Epidermal growth factor activates hyaluronan synthase 2 in epidermal keratinocytes and increases pericellular and intracellular hyaluronan

Abstract

Hyaluronan is an abundant and rapidly turned over matrix molecule between the vital cell layers of the epidermis. In this study, epidermal growth factor (EGF) induced a coat of hyaluronan and a 3-5-fold increase in its rate of synthesis in a rat epidermal keratinocyte cell line that has retained its ability for differentiation. EGF also increased hyaluronan in perinuclear vesicles, suggesting concurrent enhancement in its endocytosis. Cell-associated hyaluronan was most abundant in elongated cells that were stimulated to migrate by EGF, as determined in vitro in a wound healing assay. Large fluctuations in the pool size of UDP-N-acetylglucosamine, the metabolic precursor of hyaluronan, correlated with medium glucose concentrations but not with EGF. Reverse transcriptase-polymerase chain reaction (RT-PCR) showed no increase in hyaluronan synthases 1 and 3 (Has1 and Has3), whereas Has2 mRNA increased 2-3-fold in less than 2 h following the introduction of EGF, as estimated by quantitative RT-PCR with a truncated Has2 mRNA internal standard.
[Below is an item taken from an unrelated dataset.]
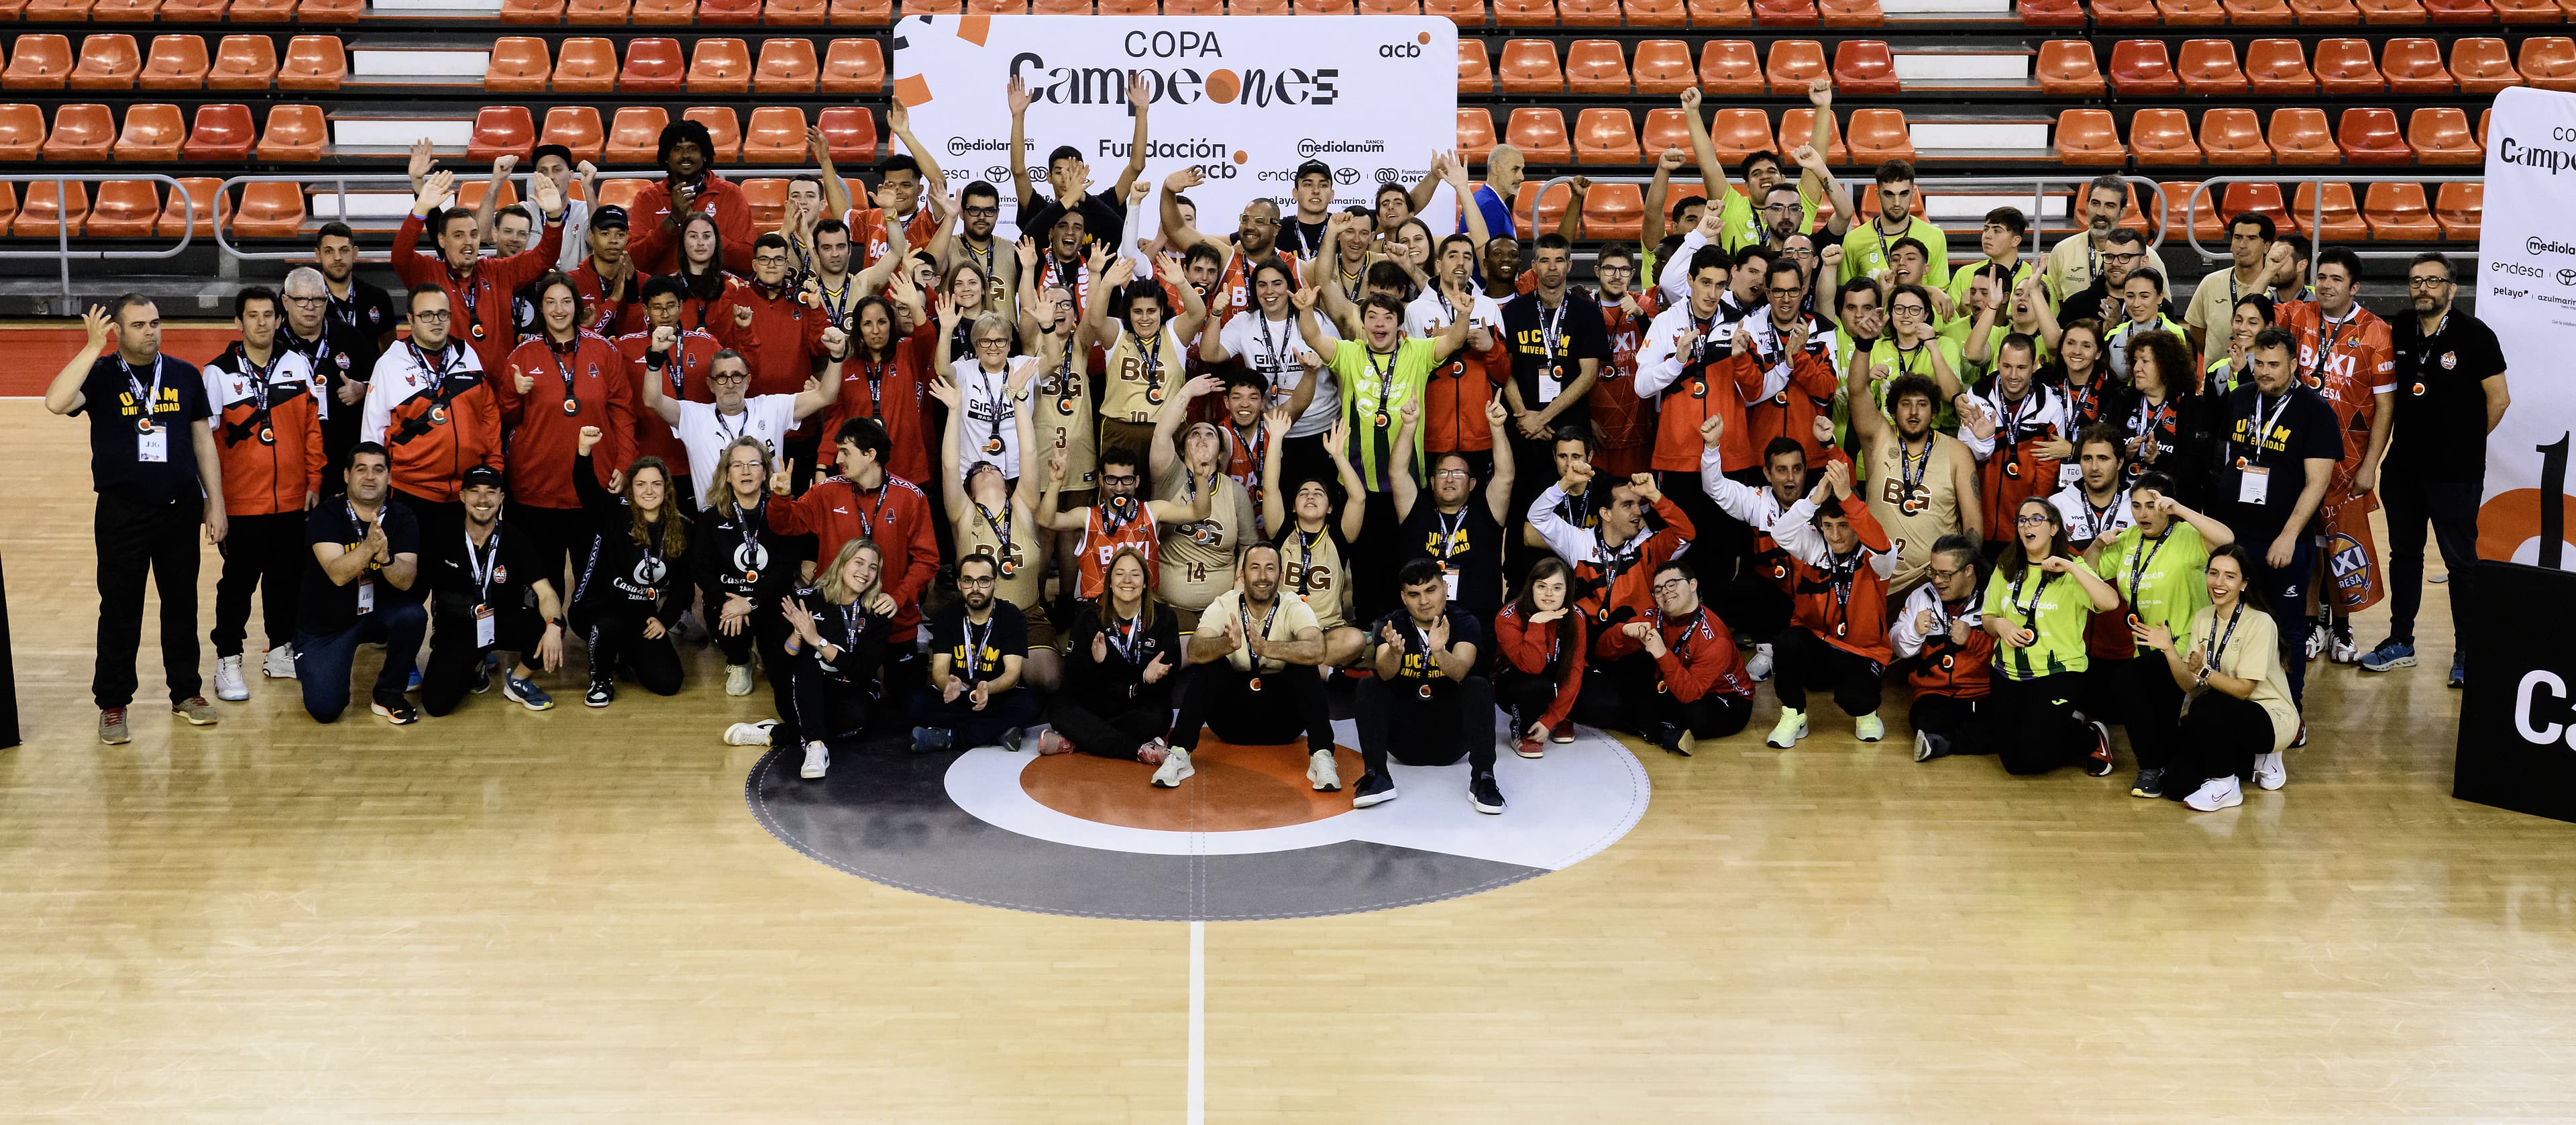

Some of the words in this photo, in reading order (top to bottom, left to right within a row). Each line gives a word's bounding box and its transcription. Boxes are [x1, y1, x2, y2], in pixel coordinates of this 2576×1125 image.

The average level of Has2 mRNA increased from approximately 6 copies/cell in cultures before change of fresh medium, up to approximately 54 copies/cell after 6 h in EGF-containing medium. A control medium with 10% serum caused a maximum level of approximately 21 copies/cell at 6 h. The change in the Has2 mRNA levels and the stimulation of hyaluronan synthesis followed a similar temporal pattern, reaching a maximum level at 6 h and declining toward 24 h, a finding in line with a predominantly Has2-dependent hyaluronan synthesis and its transcriptional regulation.